From George Washington to John Jay, 28 March 1779

To John Jay

Head qrs Middle Brook March 28th 1779.

Sir

I do myself the Honor of transmitting to Your Excellency—Two of Rivington’s papers of the 24th and 25th, which I received last night. I fear from the accounts contained in the last of them, though I doubt not but that they are highly coloured, that our people have suffered in the affair, mentioned to have happened in the Southern quarter on the 4th Instant.1

Since my Letter of the 26th I have obtained no further advices respecting Sir Henry Clinton and the Vessels gone up the Sound. I have the Honor to be with the most perfect esteem & respect Your Excellency’s Most Obedt servant

Go: Washington

LS, in Robert Hanson Harrison’s writing, DNA:PCC, item 152; Df, DLC:GW; copy, DNA:PCC, item 169; Varick transcript, DLC:GW. Congress read this letter on 1 April and referred it to the Board of War (JCC description begins Worthington Chauncey Ford et al., eds. Journals of the Continental Congress, 1774-1789. 34 vols. Washington, D.C., 1904–37. description ends , 13:402).

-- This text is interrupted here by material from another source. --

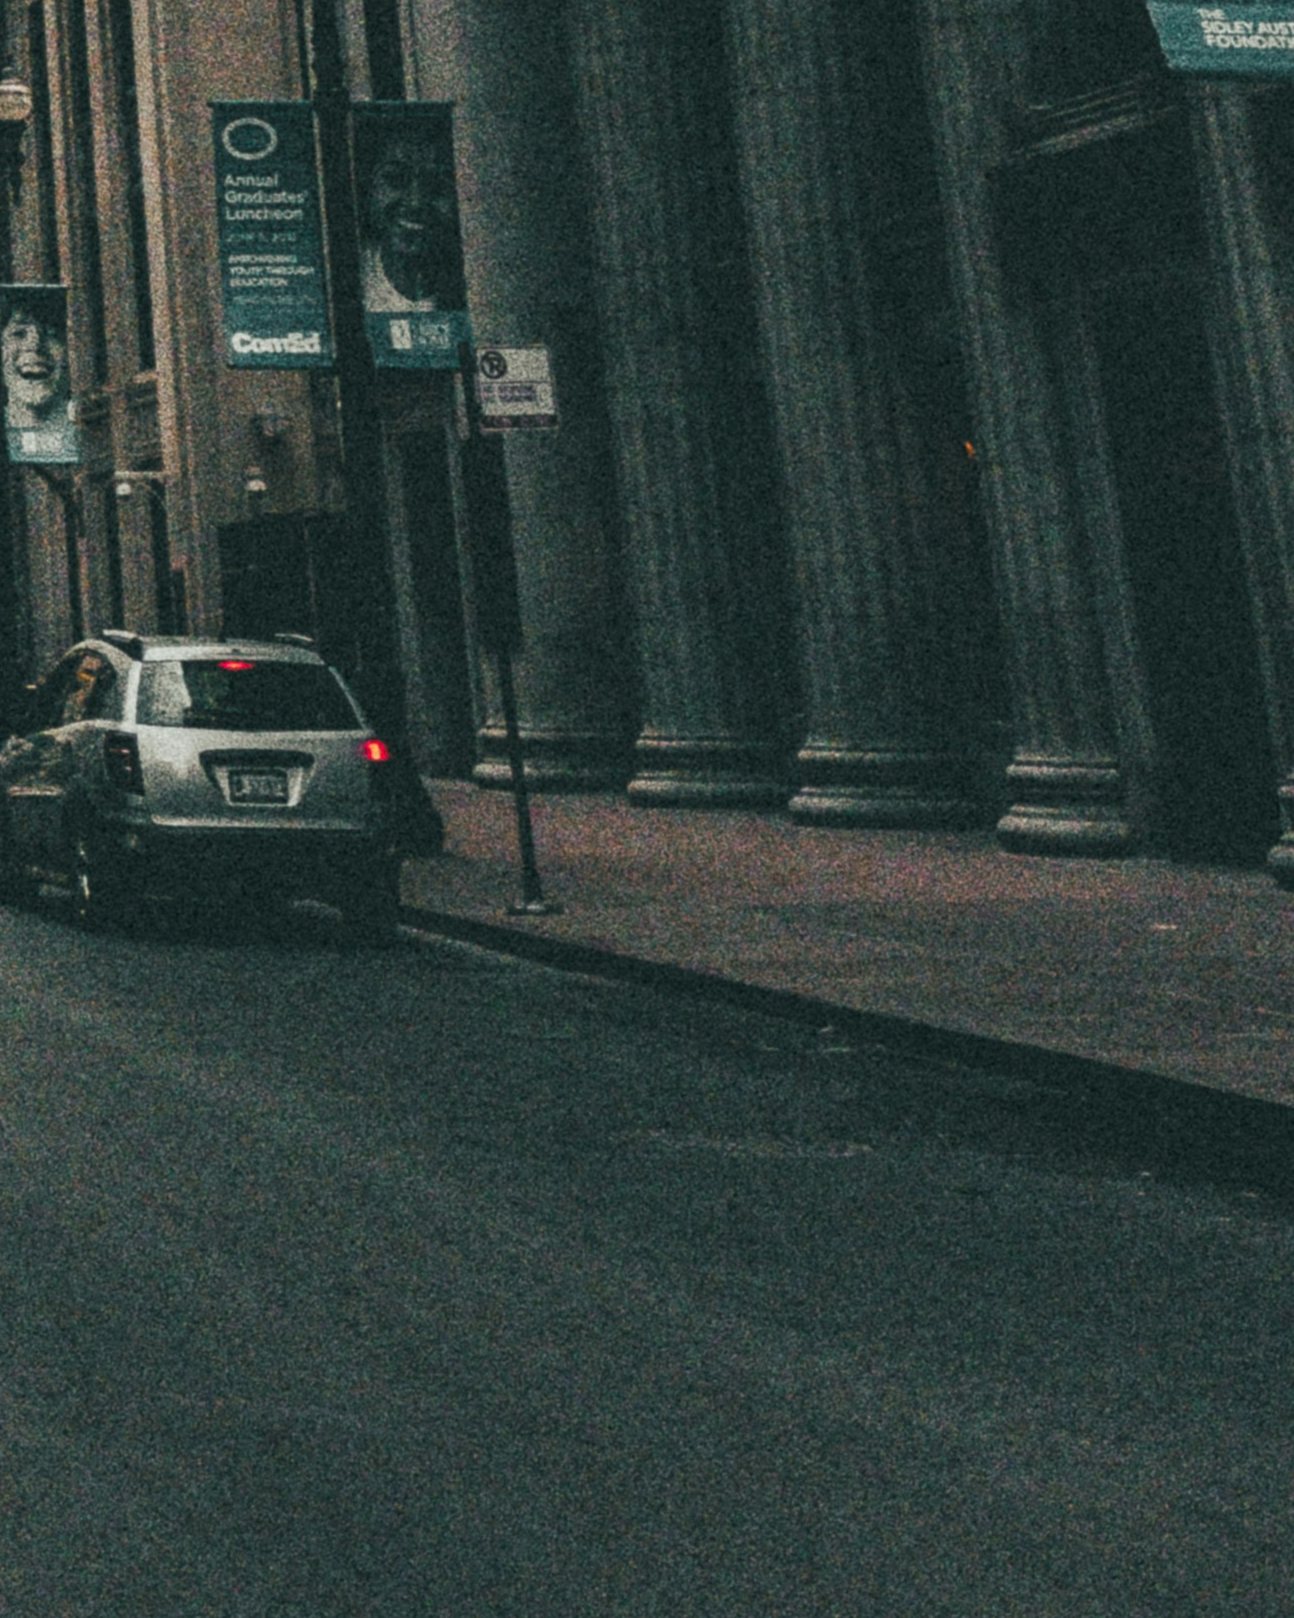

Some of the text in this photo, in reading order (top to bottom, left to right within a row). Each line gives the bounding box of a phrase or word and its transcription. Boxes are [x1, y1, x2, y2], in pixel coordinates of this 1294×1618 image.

1These newspapers apparently were among the “large asortment of papers from New York” that Brig. Gen. William Maxwell had sent with his letter to GW of 27 March (see also GW to Maxwell, this date). Because James Rivington’s Royal Gazette (New York) was published on Wednesdays and Saturdays during this period, the only one of GW’s two enclosures that could have been a copy of that newspaper was the one for 24 March, which was a Wednesday. The enclosed newspaper for 25 March, a Thursday, must have been a copy of the Royal American Gazette (New York), which was published on Tuesdays and Thursdays during this period. The issue of the Royal American Gazette for 25 March apparently contains an account of the Battle of Briar Creek, Ga., that mistakenly says it occurred on 4 March, rather than on the actual date of 3 March (see Maxwell to GW, 27 March, n.2).